Table 1. Material properties for the FE model

Figure 2. Geometry and mesh, showing high mesh density at the crack tip.

3.2 Validation of remote strain field using strain gauges

Strain gauges were applied to the back of one of the DCT samples, and the cyclic minimum and maximum strain recorded at specific intervals throughout the duration of a test. The resulting strain values are plotted in Fig. 3 against the crack length. The strain gauge was located directly above the crack path at a crack length of 35mm. Hence the peak in measured strain is just prior to that point, followed by a swift decline for data points where the tip of the crack is beyond the location of the gauge. The vertical strain data was extracted from independent FE models with manually set crack lengths as an average over the gauge-area in the same location as the experimental strain gauge to create the FE strain gauge dataset. The correlation between the results suggests a physically realistic strain distribution is being achieved in the FE model. Thus, the crack tip strain field can be considered trustworthy for the purposes of this study.

Figure 3. FE model validation using strain gauges.

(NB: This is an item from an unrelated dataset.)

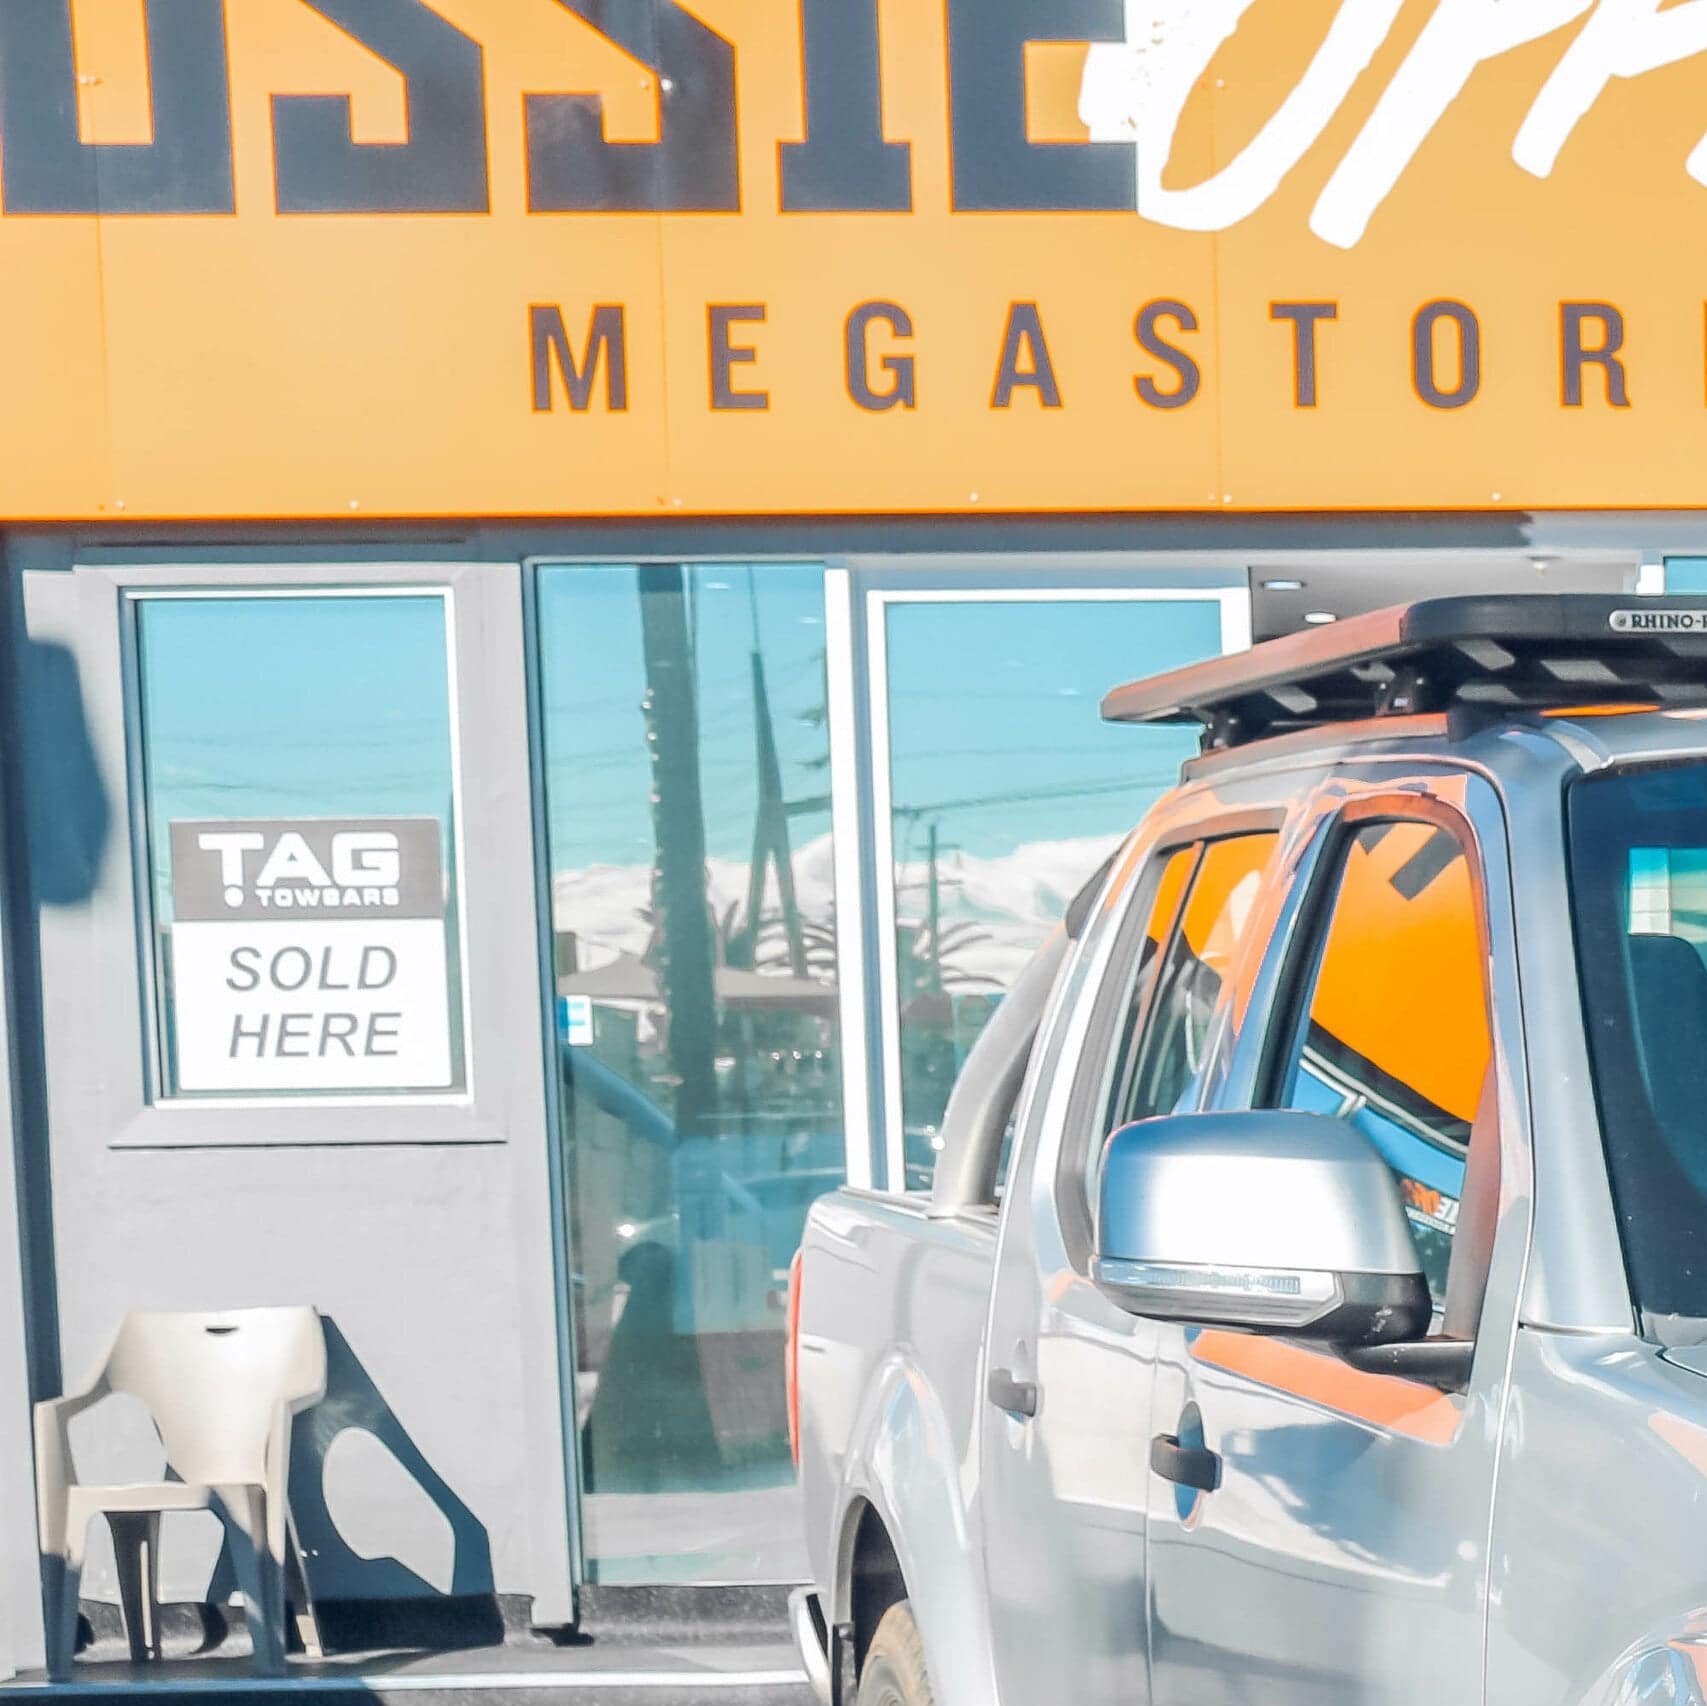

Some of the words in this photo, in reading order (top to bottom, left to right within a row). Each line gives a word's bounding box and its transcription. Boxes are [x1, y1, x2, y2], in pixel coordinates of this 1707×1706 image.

[198, 832, 400, 888] TAG
[256, 887, 400, 908] TOWBARS
[225, 945, 398, 992] SOLD
[228, 1011, 402, 1058] HERE

3.3 Validation of crack tip stress field using TSA

Cyclic loading of the DCT sample produces a thermal field that is measured by the TSA camera. For a linear-elastic, isotropic, and homogenous material, this vector temperature field (i.e. amplitude and phase) is converted to an equivalent stress field, using a simplified form of the heat transfer equation (assuming no heat transfer at surfaces):

(1) \begin{equation}\Delta {\sigma _{sum}}{\rm{\;}} = {\rm{\;}}\Delta \left( {{\sigma _{xx}}{\rm{\;}} + {\rm{\;}}{\sigma _{yy}}} \right){\rm{\;}} = {\rm{\;}} - \rho {C_{}}\Delta T/\alpha {T_0}\end{equation}

For the current work, the in-phase and quadrature components of the equivalent stress field are utilised. This means Equation (1) evaluated in-phase with the load signal, and 90 degrees out-of-phase from the load signal. Figures 4 and 5 show the equivalent stress sum field as evaluated from the thermal response in the near-tip region for a crack length of 29.6mm. The results are given as the in-phase and quadrature components of the equivalent stress sum for both the FE prediction (Fig. 4) and corresponding experimental measurements (Fig. 5). For reference, the crack tip is marked with a black cross. The in-phase plot shows a stress concentration delta (min load to max load) at the crack tip, while the quadrature plot contains features that are a product of the significant heat conduction caused by the corresponding high stress gradients. The features in the quadrature field reduce in size with increased loading frequency, and the in-phase response approaches the linear-elastic structural solution. As such, the accuracy of the TSA data is dependent on the local strain gradients and loading frequency. The FE results and experimental TSA data show consistent thermal response and feature distribution.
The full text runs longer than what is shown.